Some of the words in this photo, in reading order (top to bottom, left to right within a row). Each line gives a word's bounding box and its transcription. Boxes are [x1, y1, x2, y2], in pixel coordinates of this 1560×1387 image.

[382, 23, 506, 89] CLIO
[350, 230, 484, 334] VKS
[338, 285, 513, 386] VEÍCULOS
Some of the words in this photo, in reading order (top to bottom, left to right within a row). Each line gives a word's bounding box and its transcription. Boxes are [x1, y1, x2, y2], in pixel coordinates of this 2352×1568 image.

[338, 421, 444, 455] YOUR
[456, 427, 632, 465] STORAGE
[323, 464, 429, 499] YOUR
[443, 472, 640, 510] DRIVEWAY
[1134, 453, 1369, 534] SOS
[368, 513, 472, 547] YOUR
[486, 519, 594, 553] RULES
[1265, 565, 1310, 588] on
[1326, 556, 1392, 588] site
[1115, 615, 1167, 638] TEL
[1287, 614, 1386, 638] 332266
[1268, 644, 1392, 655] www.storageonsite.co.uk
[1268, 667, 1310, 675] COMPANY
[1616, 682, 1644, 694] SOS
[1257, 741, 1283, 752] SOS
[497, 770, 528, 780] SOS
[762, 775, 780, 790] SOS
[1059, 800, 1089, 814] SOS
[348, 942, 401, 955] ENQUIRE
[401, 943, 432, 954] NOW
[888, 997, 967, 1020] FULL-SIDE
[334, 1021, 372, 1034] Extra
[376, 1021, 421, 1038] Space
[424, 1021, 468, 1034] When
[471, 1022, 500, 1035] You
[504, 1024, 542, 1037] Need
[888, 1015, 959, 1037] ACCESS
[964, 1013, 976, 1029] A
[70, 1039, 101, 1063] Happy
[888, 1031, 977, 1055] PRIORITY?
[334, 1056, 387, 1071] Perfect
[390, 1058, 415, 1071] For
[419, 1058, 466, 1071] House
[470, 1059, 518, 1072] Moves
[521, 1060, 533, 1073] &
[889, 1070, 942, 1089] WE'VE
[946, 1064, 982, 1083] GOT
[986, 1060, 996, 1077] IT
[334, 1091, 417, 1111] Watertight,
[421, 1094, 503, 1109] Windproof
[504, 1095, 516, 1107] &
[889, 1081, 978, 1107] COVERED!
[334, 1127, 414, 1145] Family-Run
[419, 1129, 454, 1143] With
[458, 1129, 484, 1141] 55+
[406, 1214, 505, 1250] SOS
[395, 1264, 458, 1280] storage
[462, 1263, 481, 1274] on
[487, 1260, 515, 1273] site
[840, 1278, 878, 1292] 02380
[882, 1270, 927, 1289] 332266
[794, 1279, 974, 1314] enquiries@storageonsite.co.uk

· · · · ·

Task:
Transcribe each line of the data exactly, skipping none.

Answer:
Some of the words in this photo, in reading order (top to bottom, left to right within a row). Each line gives a word's bounding box and its transcription. Boxes are [x1, y1, x2, y2], in pixel coordinates of this 1560×1387 image.

[382, 23, 506, 89] CLIO
[350, 230, 484, 334] VKS
[338, 285, 513, 386] VEÍCULOS
Some of the words in this photo, in reading order (top to bottom, left to right within a row). Each line gives a word's bounding box and its transcription. Boxes are [x1, y1, x2, y2], in pixel coordinates of this 2352×1568 image.

[338, 421, 444, 455] YOUR
[456, 427, 632, 465] STORAGE
[323, 464, 429, 499] YOUR
[443, 472, 640, 510] DRIVEWAY
[1134, 453, 1369, 534] SOS
[368, 513, 472, 547] YOUR
[486, 519, 594, 553] RULES
[1265, 565, 1310, 588] on
[1326, 556, 1392, 588] site
[1115, 615, 1167, 638] TEL
[1287, 614, 1386, 638] 332266
[1268, 644, 1392, 655] www.storageonsite.co.uk
[1268, 667, 1310, 675] COMPANY
[1616, 682, 1644, 694] SOS
[1257, 741, 1283, 752] SOS
[497, 770, 528, 780] SOS
[762, 775, 780, 790] SOS
[1059, 800, 1089, 814] SOS
[348, 942, 401, 955] ENQUIRE
[401, 943, 432, 954] NOW
[888, 997, 967, 1020] FULL-SIDE
[334, 1021, 372, 1034] Extra
[376, 1021, 421, 1038] Space
[424, 1021, 468, 1034] When
[471, 1022, 500, 1035] You
[504, 1024, 542, 1037] Need
[888, 1015, 959, 1037] ACCESS
[964, 1013, 976, 1029] A
[70, 1039, 101, 1063] Happy
[888, 1031, 977, 1055] PRIORITY?
[334, 1056, 387, 1071] Perfect
[390, 1058, 415, 1071] For
[419, 1058, 466, 1071] House
[470, 1059, 518, 1072] Moves
[521, 1060, 533, 1073] &
[889, 1070, 942, 1089] WE'VE
[946, 1064, 982, 1083] GOT
[986, 1060, 996, 1077] IT
[334, 1091, 417, 1111] Watertight,
[421, 1094, 503, 1109] Windproof
[504, 1095, 516, 1107] &
[889, 1081, 978, 1107] COVERED!
[334, 1127, 414, 1145] Family-Run
[419, 1129, 454, 1143] With
[458, 1129, 484, 1141] 55+
[406, 1214, 505, 1250] SOS
[395, 1264, 458, 1280] storage
[462, 1263, 481, 1274] on
[487, 1260, 515, 1273] site
[840, 1278, 878, 1292] 02380
[882, 1270, 927, 1289] 332266
[794, 1279, 974, 1314] enquiries@storageonsite.co.uk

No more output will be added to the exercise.